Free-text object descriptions
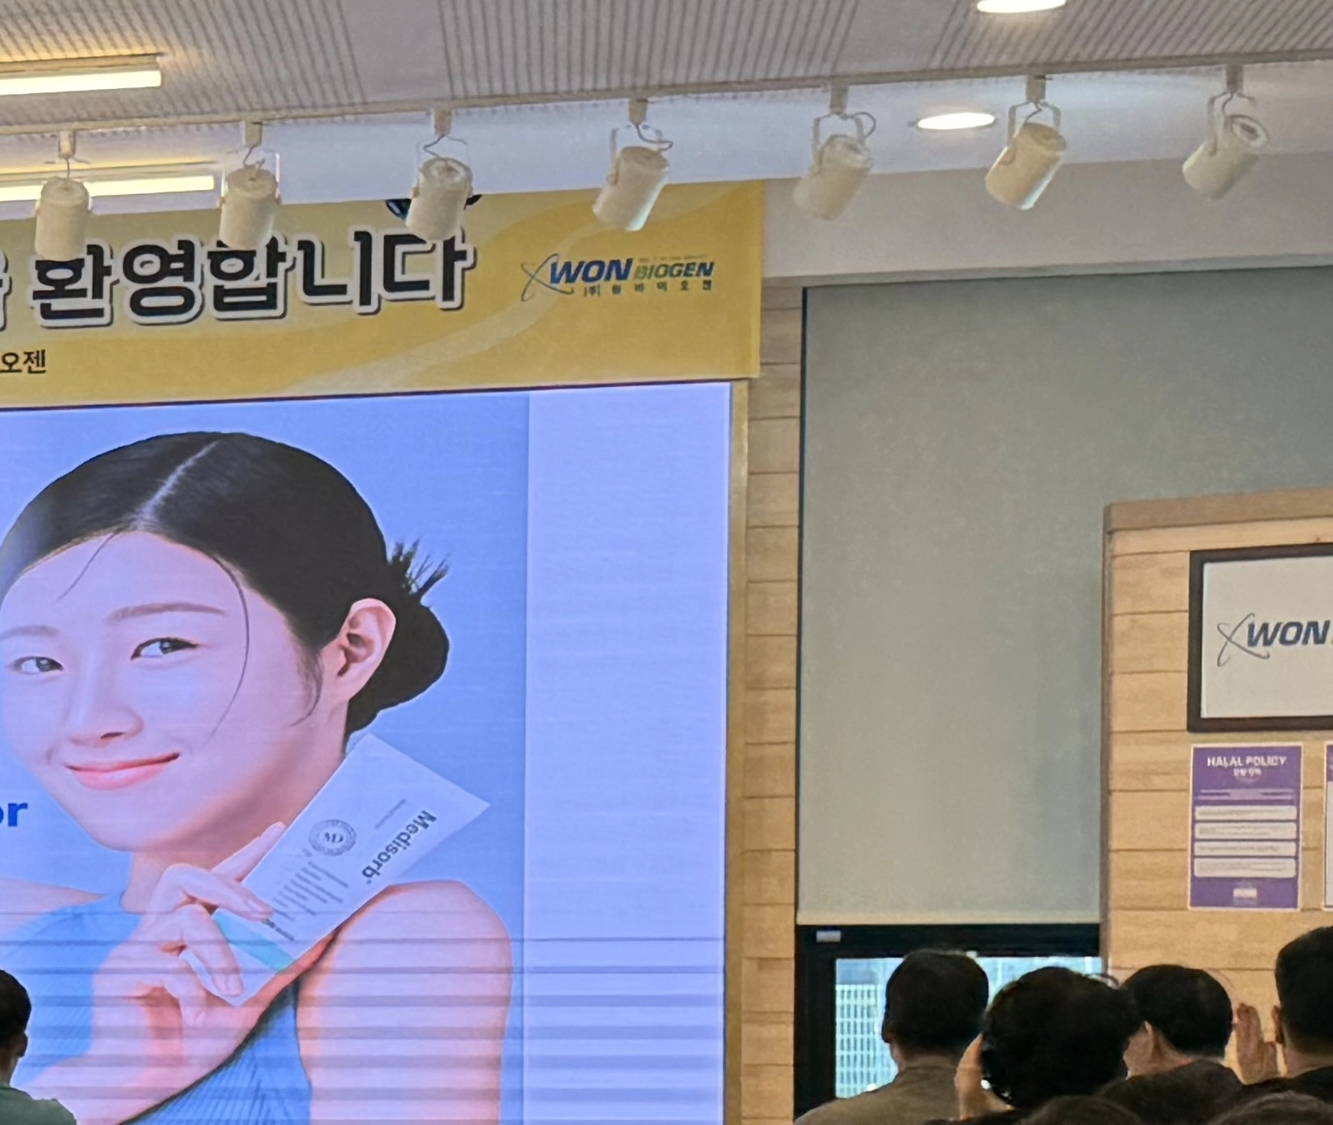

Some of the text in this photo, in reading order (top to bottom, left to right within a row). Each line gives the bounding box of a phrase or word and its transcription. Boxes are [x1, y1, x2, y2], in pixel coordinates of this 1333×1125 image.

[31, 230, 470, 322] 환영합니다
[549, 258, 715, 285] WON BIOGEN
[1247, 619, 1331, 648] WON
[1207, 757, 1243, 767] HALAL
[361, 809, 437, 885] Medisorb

● **Required work**: With the pictures omitted, the records above are to be repeated exactly.

● **Result**:
Some of the text in this photo, in reading order (top to bottom, left to right within a row). Each line gives the bounding box of a phrase or word and its transcription. Boxes are [x1, y1, x2, y2], in pixel coordinates of this 1333×1125 image.

[31, 230, 470, 322] 환영합니다
[549, 258, 715, 285] WON BIOGEN
[1247, 619, 1331, 648] WON
[1207, 757, 1243, 767] HALAL
[361, 809, 437, 885] Medisorb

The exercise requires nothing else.